Zumalacárregui
El gran friso narrativo de los Episodios Nacionales sirvió de vehículo a Benito Pérez Galdós (1843-1920) para recrear en él, novelescamente engarzada, la totalidad de la compleja vida de los españoles -guerras, política, vida cotidiana, reacciones populares- a lo largo del agitado siglo XIX.
La España desgarrada por la Primera Guerra Carlista y la Regencia de María Cristina es la época de los siguientes episodios, cuyo eje es el romántico Fernando Calpena.

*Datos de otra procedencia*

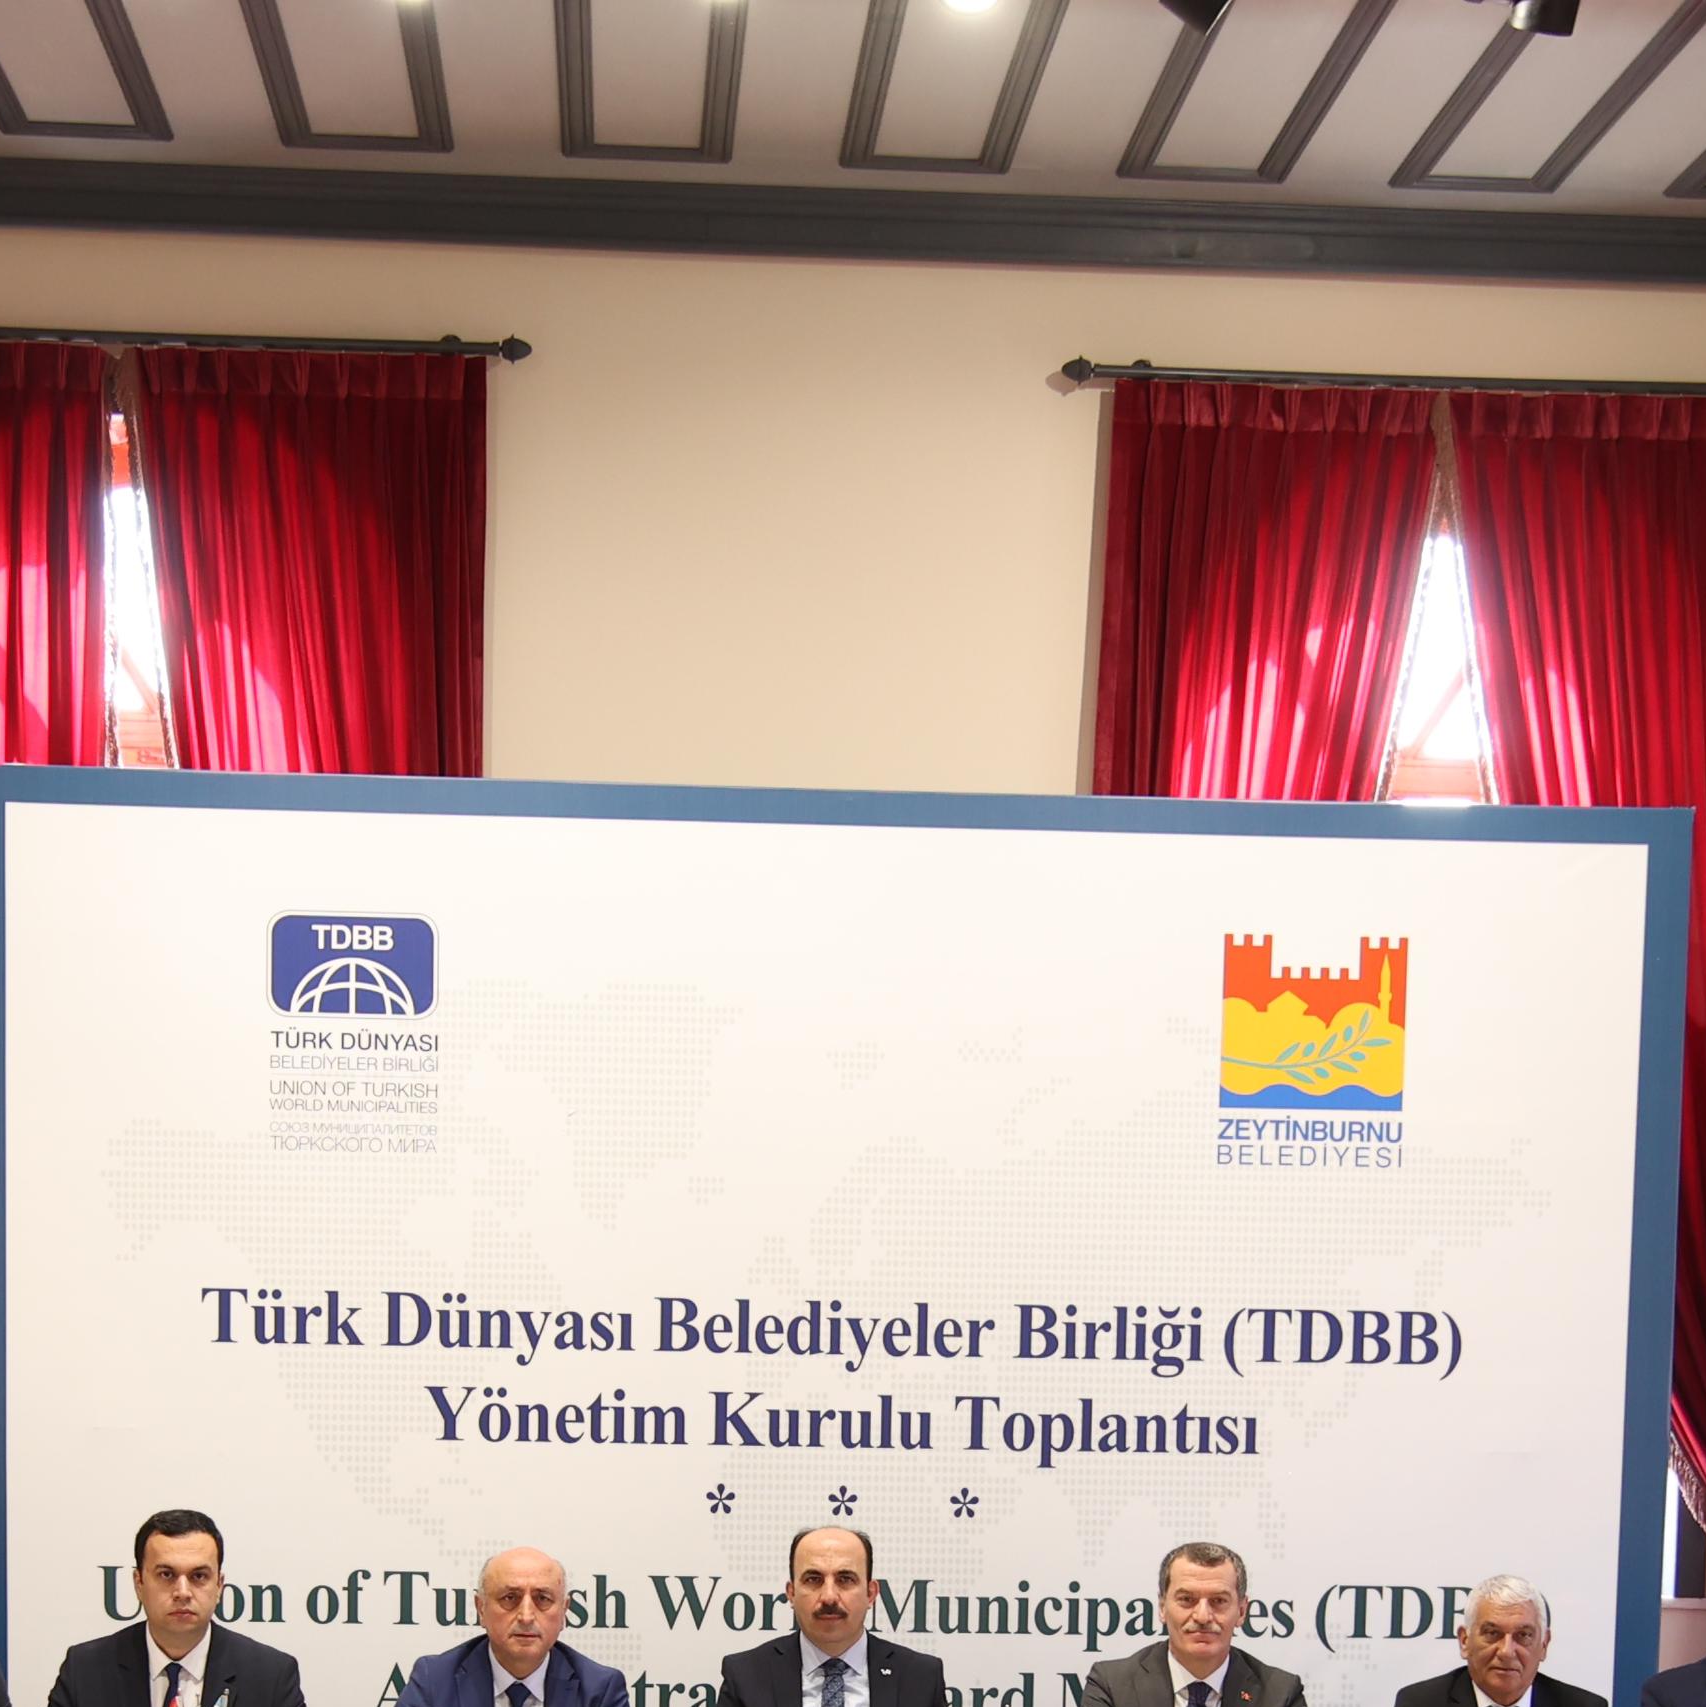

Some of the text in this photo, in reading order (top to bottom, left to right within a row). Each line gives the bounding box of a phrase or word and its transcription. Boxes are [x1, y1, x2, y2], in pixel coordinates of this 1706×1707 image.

[311, 923, 395, 951] TDBB
[270, 1026, 439, 1052] TÜRK DÜNYASI
[269, 1053, 439, 1073] BELEDİYELER BİRLİĞİ
[269, 1079, 439, 1099] UNION OF TURKISH
[269, 1098, 438, 1114] WORLD MUNICIPALITIES
[1217, 1115, 1403, 1144] ZEYTİNBURNU
[387, 1137, 438, 1154] МИРА
[1216, 1143, 1403, 1168] BELEDİYESİ
[201, 1287, 1463, 1381] Türk Dünyası Belediyeler Birliği (TDBB)
[424, 1385, 1260, 1469] Yönetim Kurulu Toplantısı
[97, 1565, 285, 1625] Uon
[306, 1568, 372, 1626] of
[383, 1570, 630, 1630] Tush
[648, 1574, 801, 1632] Wor
[867, 1578, 1296, 1653] Municipaes

Escrita entre 1898 y 1900, es decir diecinueve años después de haber concluido la anterior, Galdós retoma la historia de España en el punto en que la había dejado -la muerte de FernandoVII-, para relatar la difícil etapa de la minoría de su hija, la futura Isabel II, no reconocida por los absolutistas que proclaman rey al infante don Carlos, hermano del rey fallecido. Los liberales arropan entonces a la reina viuda, María Cristina, y se inicia la primera guerra carlista. A lo largo de la serie, Galdós seguirá las vicisitudes de los dos bandos, entre el País Vasco, donde reside la corte absolutista, y Madrid, capital del gobierno liberal, con algunas incursiones en Levante y Cataluña.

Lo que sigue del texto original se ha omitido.